The amount that the IGR had put into legal fees was $81,529.70 and was to be used to hire an outside attorney to appeal the tribal court's Dec. 14 decision to reinstate President Joe Shirley Jr. The court voided the council's Oct. 26 action that placed Shirley on leave.
On Monday, the IGR voted unanimously for Chief Legislative Counsel Frank Seanez to draft legislation to transfer more than $400,000 from the speaker's office for an attorney to represent the council in its appeal.
The committee's decision to recall and voted down its reallocation of $482,329.70 came after an executive session with Seanez on Wednesday.
On Oct. 26, the council ordered Shirley to be placed on leave while Attorney General Louis Denetsosie reviewed investigations of the business dealings involving OnSat, a telecommunications company, and BCDS Inc., a manufacturing company.

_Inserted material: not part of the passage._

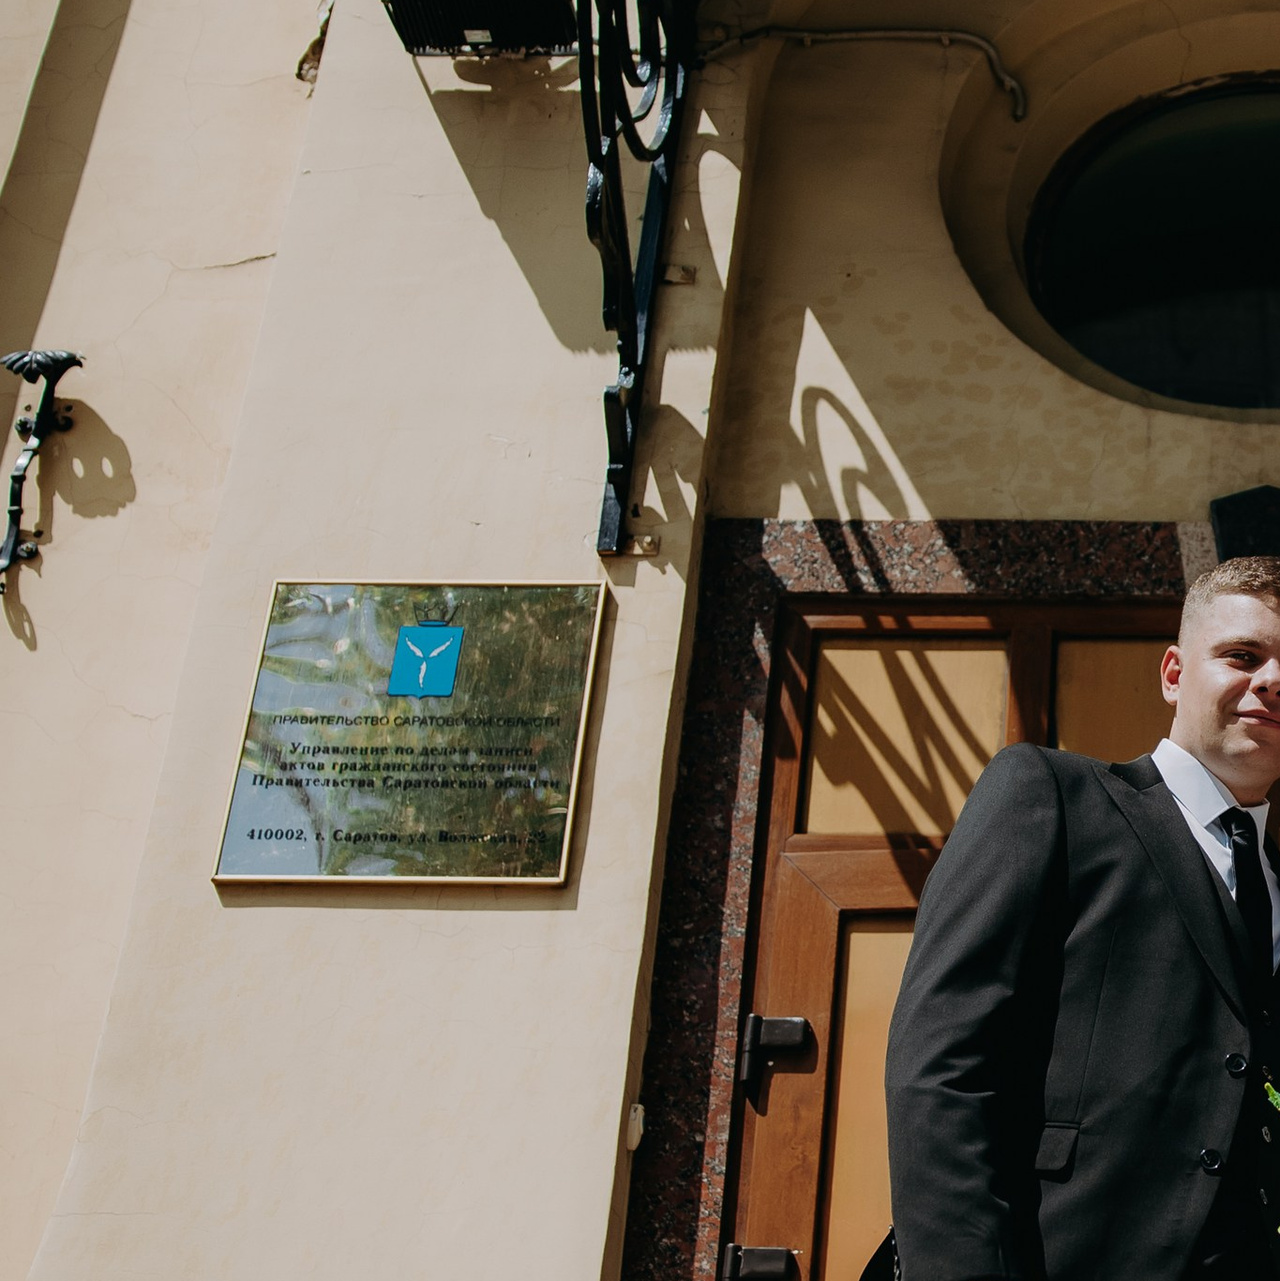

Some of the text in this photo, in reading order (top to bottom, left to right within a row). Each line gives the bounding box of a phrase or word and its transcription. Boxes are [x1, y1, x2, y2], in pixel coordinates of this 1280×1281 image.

In November, Denetsosie's office reported to the council that a "team" of attorneys found that there was enough evidence in the investigatory reports to warrant a special prosecutor to further investigate and possibly prosecute Shirley and other high-ranking officials.
On Monday, representatives of Western Agency chapters asked the IGR for $150,000 for legal fees.
Council delegates and some residents of the Western Agency said Monday that they will not stand by and watch the 88-member council be reduced to 24 and also let the line-item veto be established.
About 20 residents joined the delegates at a press conference Monday morning to criticize Shirley for not coming to their chapters to hear their concerns.
They especially wanted him to explain how the council reduction and line-item veto would work and how it would benefit them at the local level.
Of the 18 chapters in the Western Agency, unofficial results of the special election show that 12 voted down the council reduction and 11 opposed the line-item veto. Total votes were: 3,445 against reduction and 3,296 in favor; and 3,473 against the line item veto and 3,257 in favor.
On Wednesday, Health and Social Service Committee chair Thomas Walker Jr. (Birdsprings/Leupp/Tolani Lake), who sponsored the Western Agency request to the IGR, said Tim Nelson, 50, of Leupp, filed a complaint at about 1 p.m. on Wednesday.
Nelson had announced at the Monday press conference that he was a filing a complaint against the election because the ballot did not specify how Navajo law would change.
His argument was that Title 2, section 102 (A), which states that the council consists of 88 delegates, should have been part of the ballot language because that's the law that would have been amended by the Dec. 15 election.
On Wednesday, Navajo Election Administration Director Edison Wauneka said that as of Wednesday morning there were no complaints filed against the election.
Wauneka said that the deadline to file a complaint is at 5 p.m. on Dec. 28.
On Thursday, the election office and Navajo Nation Office of Hearings and Appeals were both closed for the holidays.